Dün Ege’yle birlikte Eğitimciler Zirvesi’nde keyifli bir konuşma geçirdik. En çok duyduğumuz soru ise “Bir şeyleri değiştirmek istiyorum, ama nereden başlayacağımı bilemiyorum.” oldu. Bu, elbette bireysel bir konu. Zira, bir insanın önce kendini tanıması gerekiyor.
Ben bu noktada büyük hayaller peşinde olmak yerine hayalinizdeki bir günü canlandırmanın daha etkili olduğu inancındayım. Büyük hayallere asla karşı değilim, açıklayacağım! En büyük hedefiniz bir film çekmek diyelim ve bunu gerçekleştirdiniz. Mutlu ve gururlusunuz. Peki ya şimdi? İyi ihtimalle ortalarda sadece “Ben bir film çektim” diye dolaşmayacaksınız. Gayet tabii yaptığınız işin tadını çıkarabilir, kendinize yeni hedefler koyabilir, üretmeye devam edebilirsiniz ama eninde sonunda hayatınızı 24 saatlik bölmelerde yaşayacaksınız. İşte bu yüzden sizin için muhteşem bir gün nasıl olurdu, bir düşünün istiyorum. Dilediğiniz her şeyi yapmak serbest.

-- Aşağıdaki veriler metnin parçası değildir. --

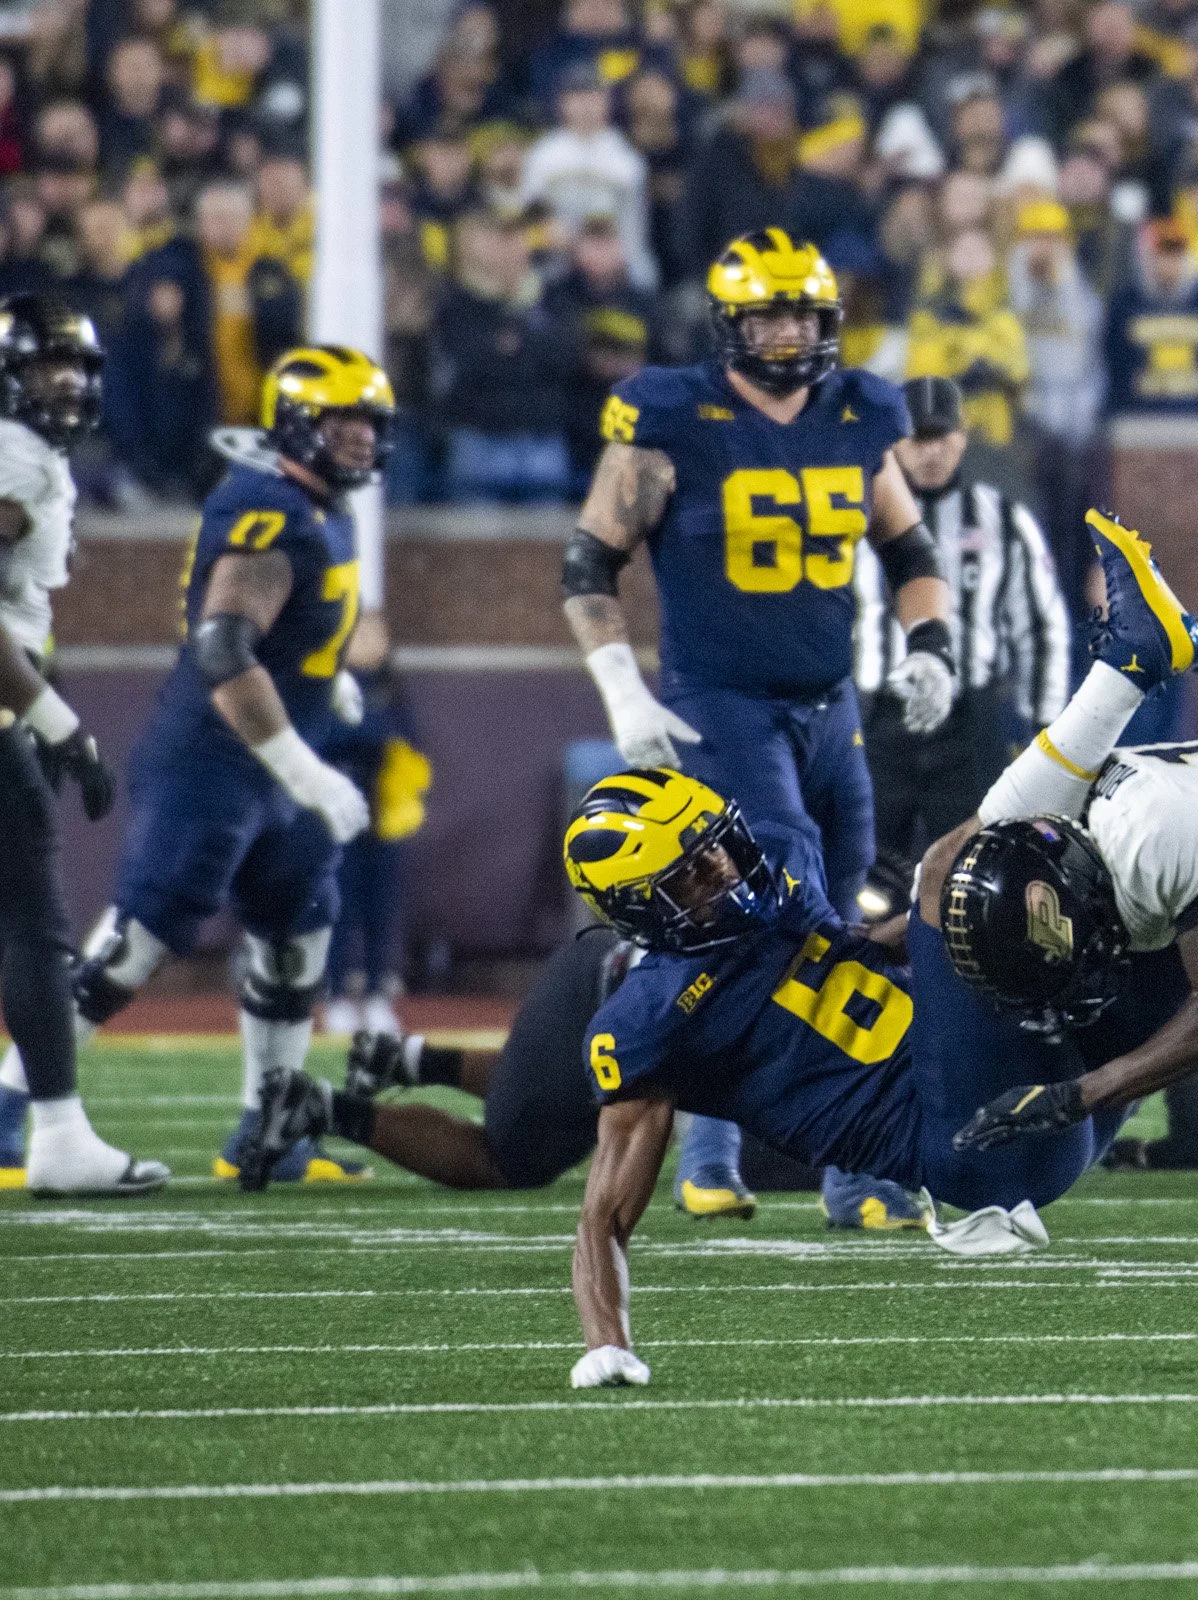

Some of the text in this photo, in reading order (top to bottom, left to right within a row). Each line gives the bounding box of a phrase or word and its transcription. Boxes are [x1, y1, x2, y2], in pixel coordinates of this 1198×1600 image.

[722, 465, 866, 592] 65
[590, 1033, 621, 1090] 6
[771, 933, 914, 1065] 6

Neredesiniz? Nasıl bir sabaha uyanıyorsunuz? Kaçta uyanıyorsunuz? Yanınızda kim var? Ya da yanınızda biri var mı? Gün içinde kimlerle iletişim halindesiniz? Herhangi bir şey üretiyor musunuz? Üretiyorsanız bu işi nerede yapıyorsunuz? Günde kaç saat çalışıyorsunuz? Akşamınızı nasıl geçiriyorsunuz? Neyin gününüze dahil olmasını asla istemiyorsunuz?
İşte bütün bunları, kısıtlayıcı hiçbir çerçeve olmadan hayal edin. Burada amacımız bize iyi gelen hayat tarzını ve bunun bileşenlerini bulmak. Şüphesiz en başta bahsi geçen büyük hayaller ya da egzotik ülkelere seyahat gibi heyecan verici adımlar yaşamın muazzam tadları olabilirler ancak bence mutluluğu daha uzun vadeye yayabilmek için olağan günlerimizi keyif aldığımız zamanlar haline getirmemiz gerekiyor. Elbette bu da kişiden kişiye farklılık gösterecektir. Örneğin kimi parkta kitap okumayı muhteşem bir günün öğesi olarak belirlerken, kimi için bu sıkıcı bir aktivite sayılabilir; kimi birçok insanla iletişim halinde olmaya heyecan duyarken, bir başkası bu durumdan rahatsızlık duyabilir.
Şimdi önce hayalinizdeki bu günü belirleyin ve her gün onun için bir şey yapın. Adım adım. Bu şekilde varolan sistemden çıkıp bambaşka bir hayata giriş yapmak korktuğunuz kadar zor olmayacak. Zira unutmayalım, hayatımız yalnızca ‘gün’lerden ibaret.